By 1791, Louis XVI had seen enough. He’d played along with the constitutional monarchy long enough to realize it wasn’t going to be a return to normal. The power wasn’t coming back. The people weren’t calming down. The old France was gone, and the new one didn’t have room for him.
So he made a decision.
He was going to run.
The plan was simple in theory and terrible in practice. The king, the queen, and their kids would sneak out of Paris at night, head toward the northeastern border, link up with royalist troops near Austria, and then either reclaim the throne with foreign help or sit back and let someone else do it for him.
They disguised themselves, barely. Louis dressed as a servant. Marie Antoinette played the part of a governess. Their son wore a tiny dress because gender roles were optional when you were fleeing a revolution. They packed a giant coach with trunks and fine clothes and rolled out of the city like it was a vacation.

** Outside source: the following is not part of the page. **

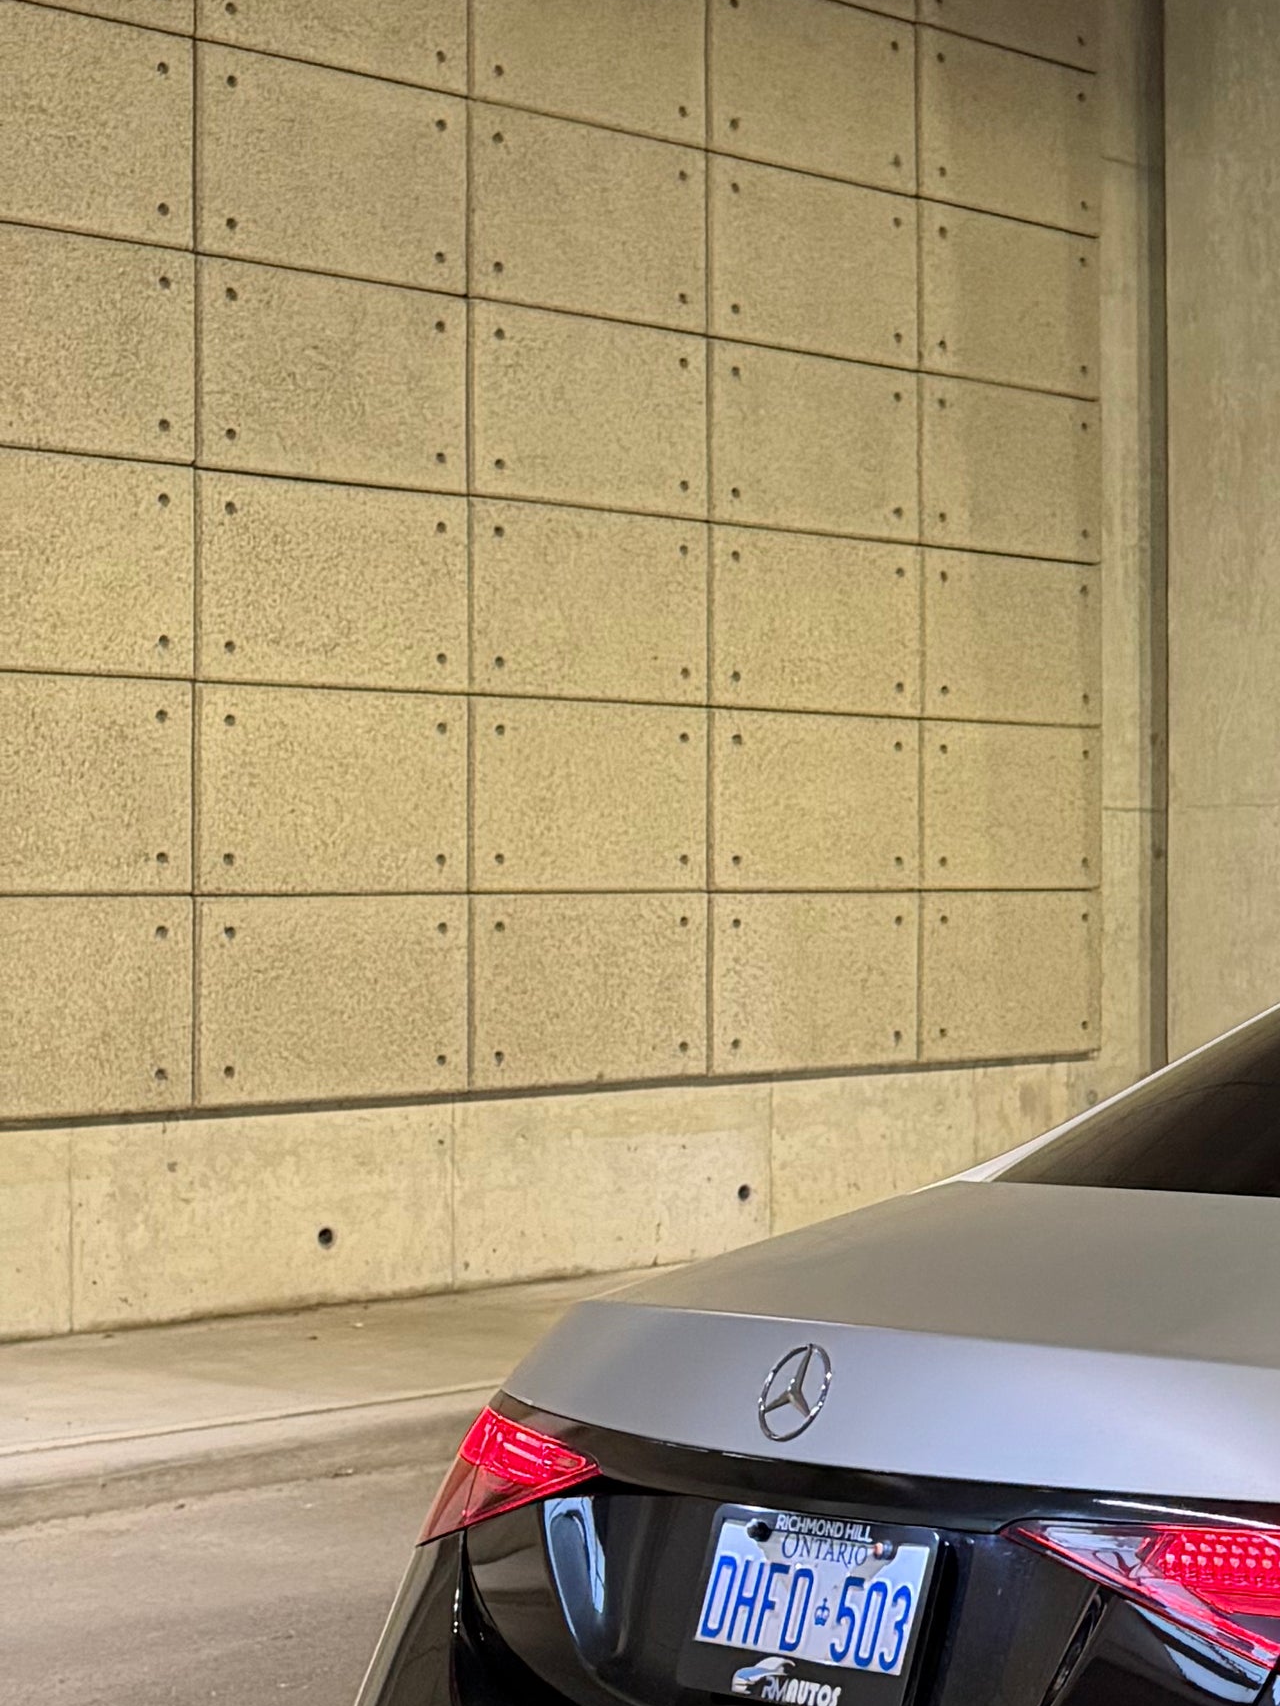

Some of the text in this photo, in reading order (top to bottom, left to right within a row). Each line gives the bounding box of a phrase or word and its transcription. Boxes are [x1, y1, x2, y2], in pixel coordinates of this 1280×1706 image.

Everything about it screamed “royalty on the run.”
They moved slow. They stopped constantly. The coach was huge and flashy. People noticed. By the time they reached the town of Varennes, the jig was up. A local postmaster recognized Louis’s face from money. Literally. His portrait was on the currency.
The town blocked the road. The royal family got stopped, detained, and marched back to Paris under heavy guard. The escape was over.
But the damage was just beginning.
The trust was gone.
The image of the “citizen king” was shattered.
Louis hadn’t just betrayed the government. He’d betrayed the people.
The Assembly tried to spin it. They said he was kidnapped. They said it was a misunderstanding. But no one bought it. The people weren’t stupid. They saw a king who smiled to their face, swore an oath to the constitution, and then tried to bail the second it got inconvenient.
From this point on, the revolution wasn’t about fixing the monarchy.
It was about replacing it.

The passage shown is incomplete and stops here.